Ingrid then gave an interesting and informative account of the choices she has made regarding her education and career. She began by explaining how she had been inspired as an 18 year old when she made her first visit to a construction site, and this ultimately led to her undertaking an undergraduate degree in engineering. After graduating, she worked in London and then in Bristol (mainly in timber framing). She emphasised the benefits of knowing about and being interested in other areas of design, especially considering that her career has evolved and her role expanded over the years to include more time spent building relationships with architects and clients, which requires a good general knowledge of the whole design and build process. When asked what she considered to be the best elements of her job, Ingrid reflected that she thought working with people was the most exciting. While the maths and applied science involved in the process is black and white, it is the people that ensure the work is varied, completed to a high standard and problems are solved when things go wrong.
Amy asked Ingrid what advice she would give her sixteen year old self. She emphasised the importance of being open and naturally curious, as well as to not be afraid to gain experience in a number of different areas and professions until you are sure you find the path that excites you most.
For the design task for the workshop, the group were asked to consider the design for a bridge to replace the newly erected (and somewhat underwhelming) blue bridge to the new Bristol Arena site. General comments were that the existing bridge design could commended for embodying the history of the railway and industrial nature of the area. However, the group felt that as the gateway into the proposed new arena, the design needed to be more iconic.
It was apparent that for group one, this was a prime consideration in the design of their bridge, which was spectacular. Three separate yet interlocking pathways, in red, blue and green corresponded to the different routes for pedestrians, cyclists and cars. In order to try and discourage cars, the two weaving pathways going up high and over, with the best view out onto the arena and surrounding area, would be for the cyclists and pedestrians, rewarding them for their low carbon travel choice! At night the two ends of the bridge would emit a warm glow that could be seen for miles around, making the bridge a landmark destination in itself.
The second group’s design also featured two separate pathways, the route for cyclists and pedestrians elegantly suspended from the crossing for cars above. Imbedded in the design was the notion that the new part of the city would support the old, and vice versa.

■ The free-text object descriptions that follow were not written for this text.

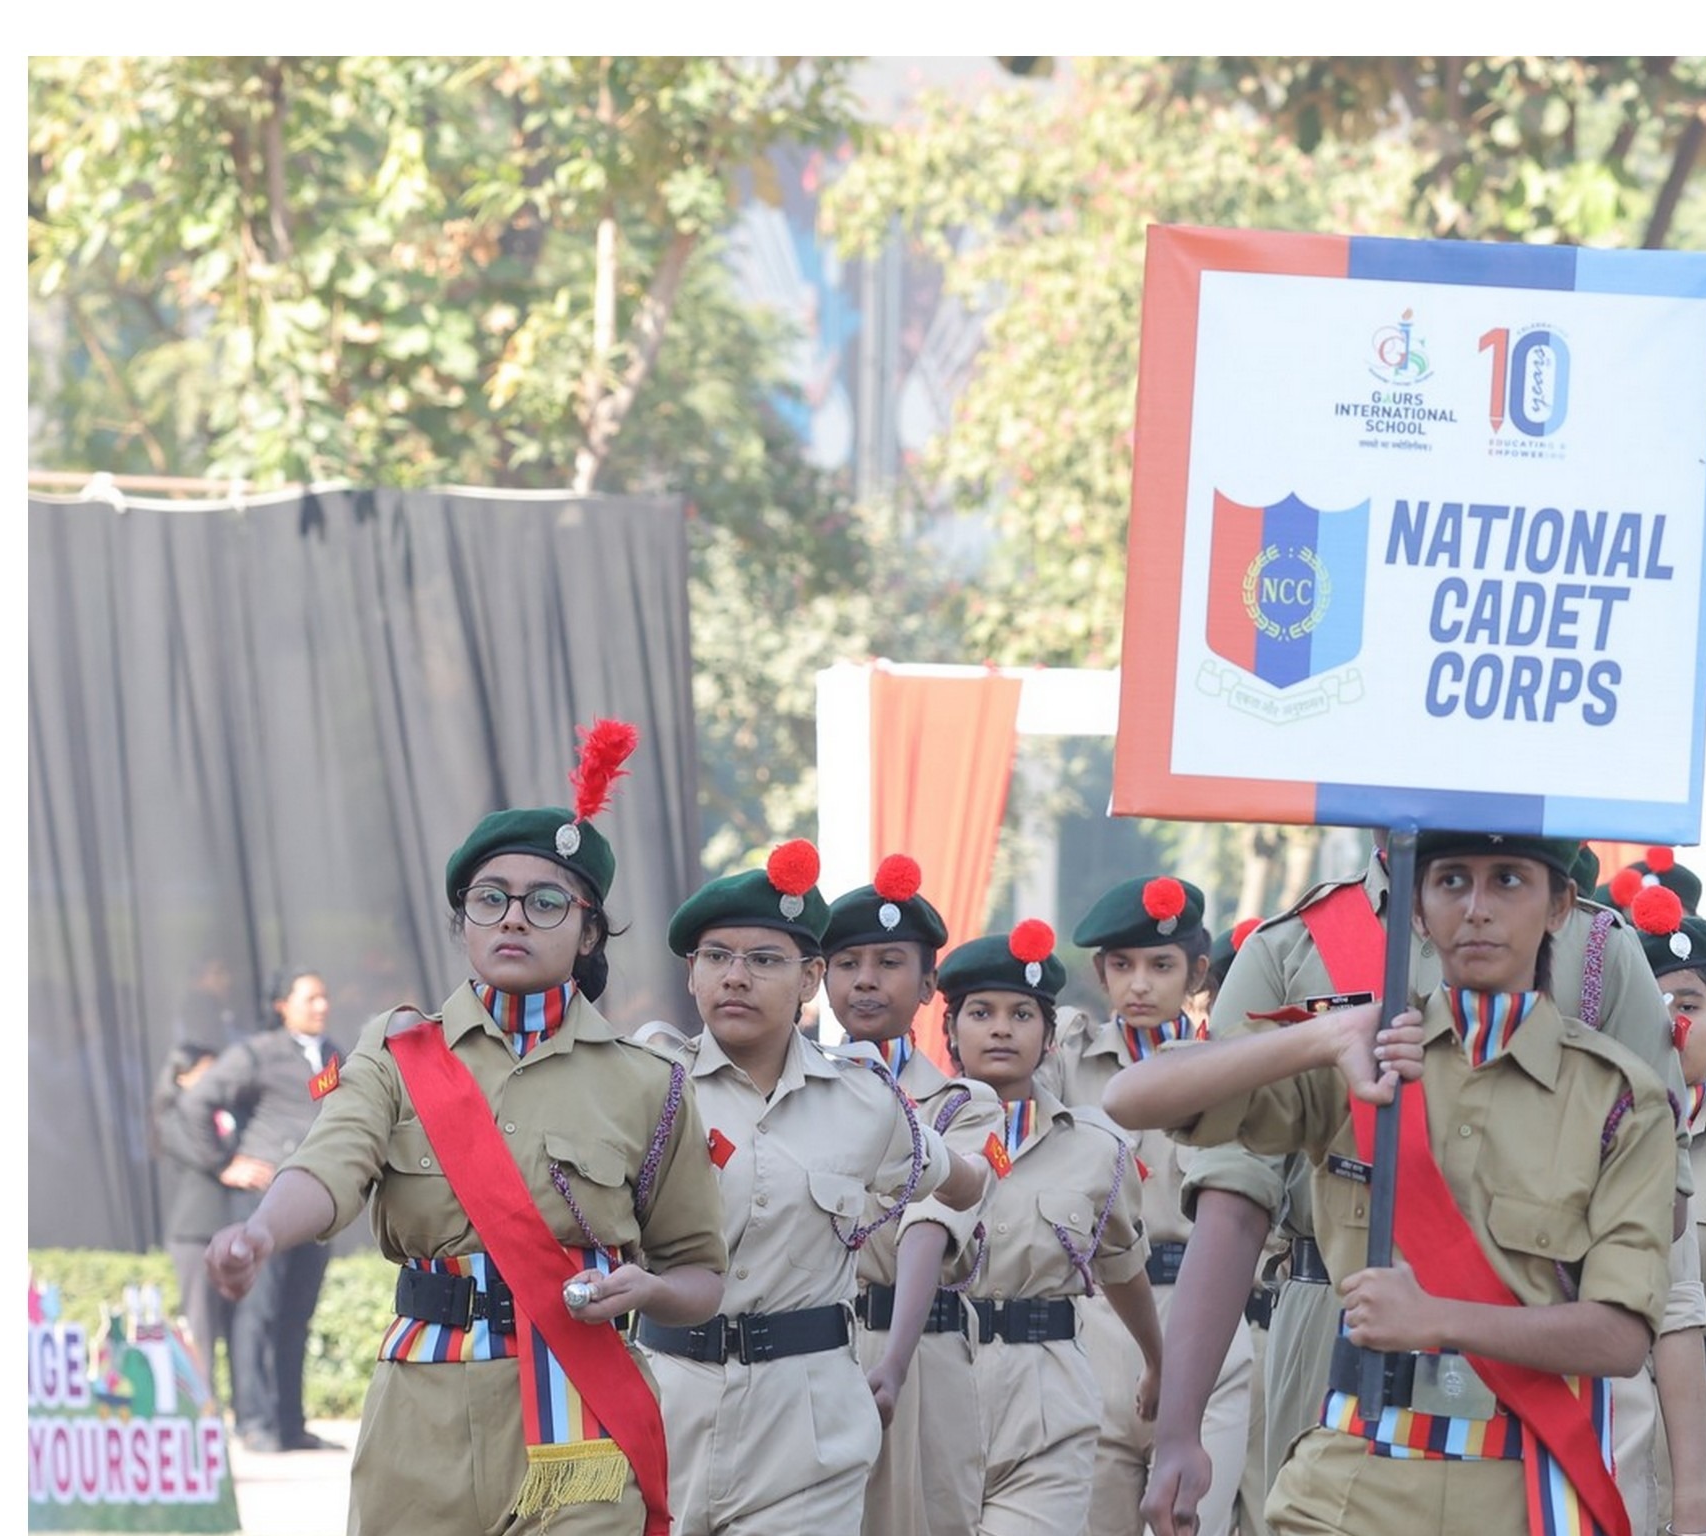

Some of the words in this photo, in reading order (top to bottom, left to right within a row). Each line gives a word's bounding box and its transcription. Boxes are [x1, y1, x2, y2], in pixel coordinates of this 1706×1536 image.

[1335, 403, 1458, 424] INTERNATIONAL
[1371, 390, 1424, 407] GAURS
[1477, 327, 1571, 437] 10
[1365, 419, 1427, 436] SCHOOL
[1385, 499, 1674, 581] NATIONAL
[1261, 577, 1313, 606] NCC
[1429, 576, 1631, 651] CADET
[1425, 651, 1622, 727] CORPS
[29, 1427, 219, 1493] YOURSELF

Thus, the group considered the socio-economic impact the Bristol Arena would have on the city as a whole, and felt it was important that this consideration was realised in the design of the bridge as a whole and so they created another landmark design.

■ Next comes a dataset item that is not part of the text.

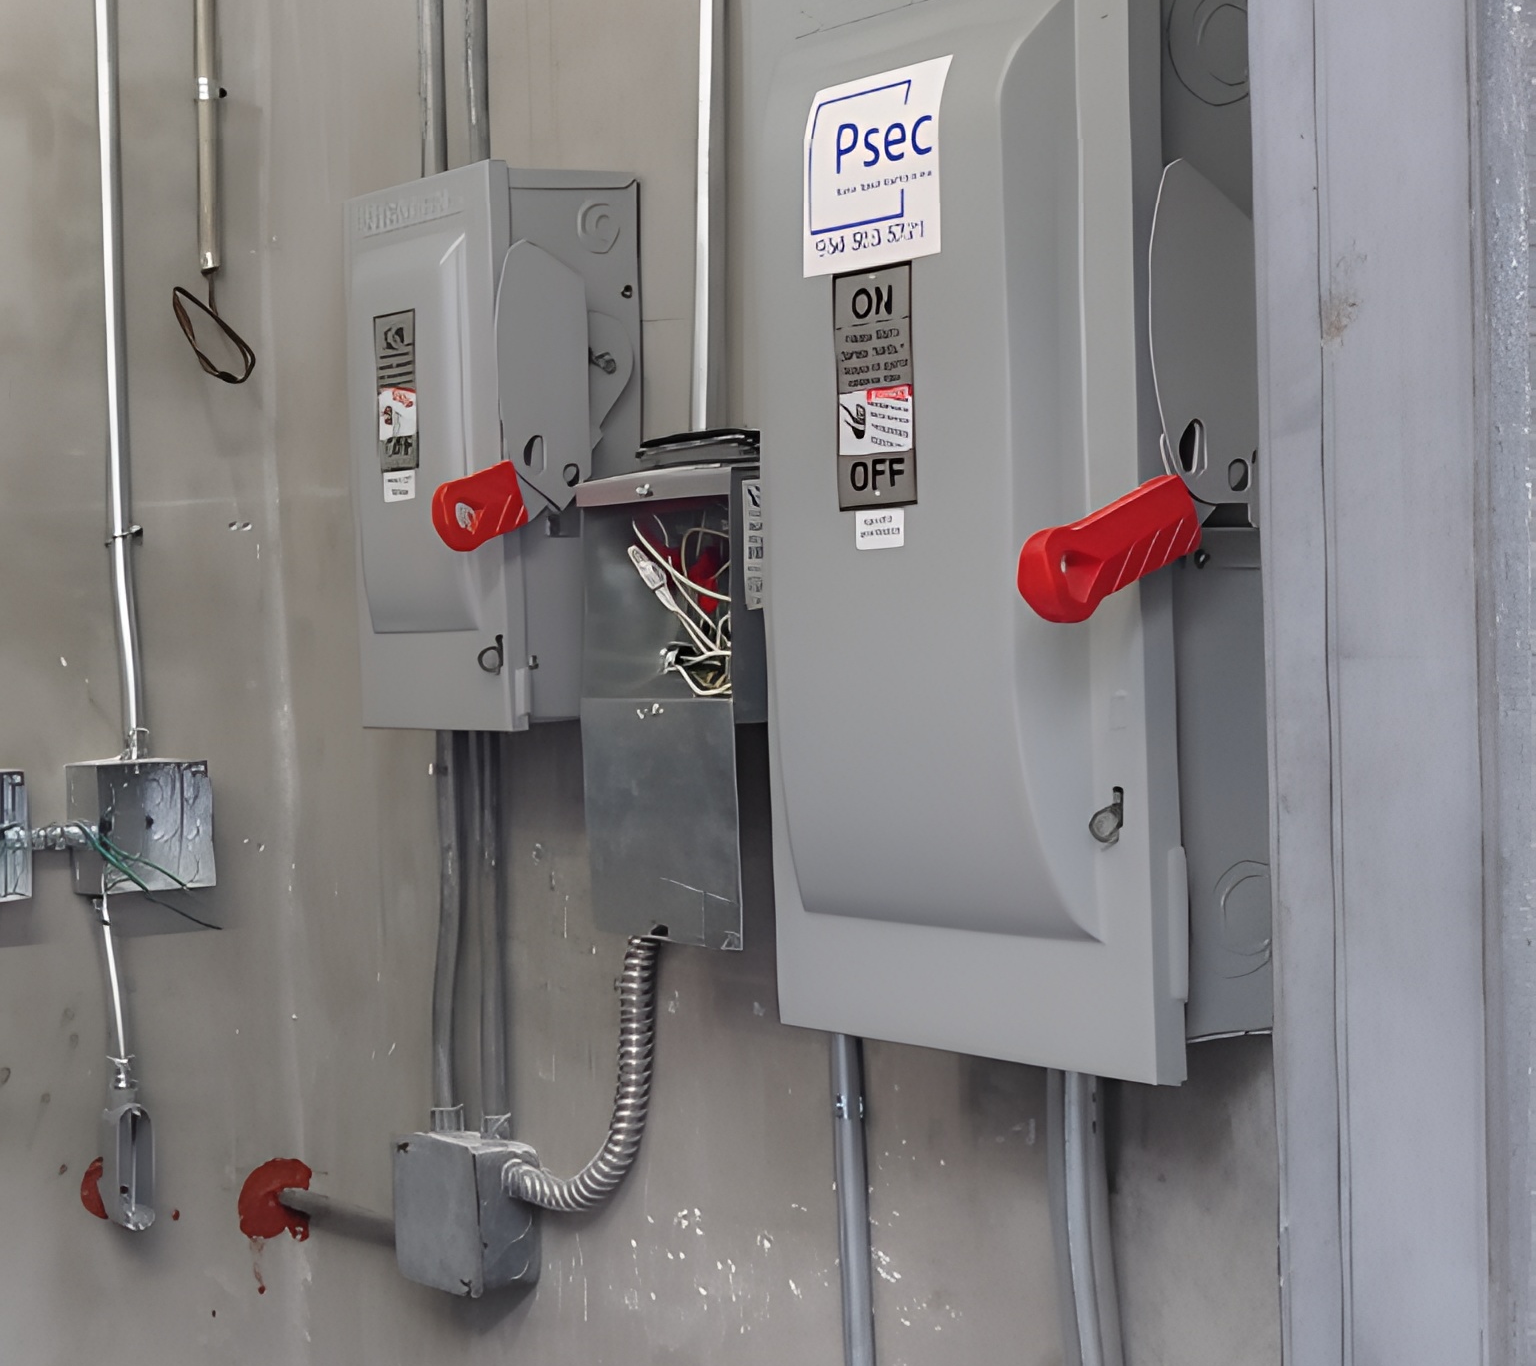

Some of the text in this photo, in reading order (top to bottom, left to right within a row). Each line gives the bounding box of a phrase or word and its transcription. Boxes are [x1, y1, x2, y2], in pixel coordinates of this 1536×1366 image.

[836, 115, 933, 174] Psec
[851, 284, 893, 320] ON
[850, 457, 905, 492] OFF

The final group felt that the bridge design should embody and complement the natural curve of the river, so that a connection with nature could be felt when crossing the bridge. Similar to the first group, the pathway for cyclists and pedestrians would curve over the cars, thus giving them the best view.
All groups responded with great enthusiasm and skill to the design task at hand. Their designs showed a belief in the potential for well considered and striking design to positively impact an area under development/regeneration and our enjoyment of it. Another inspiring session!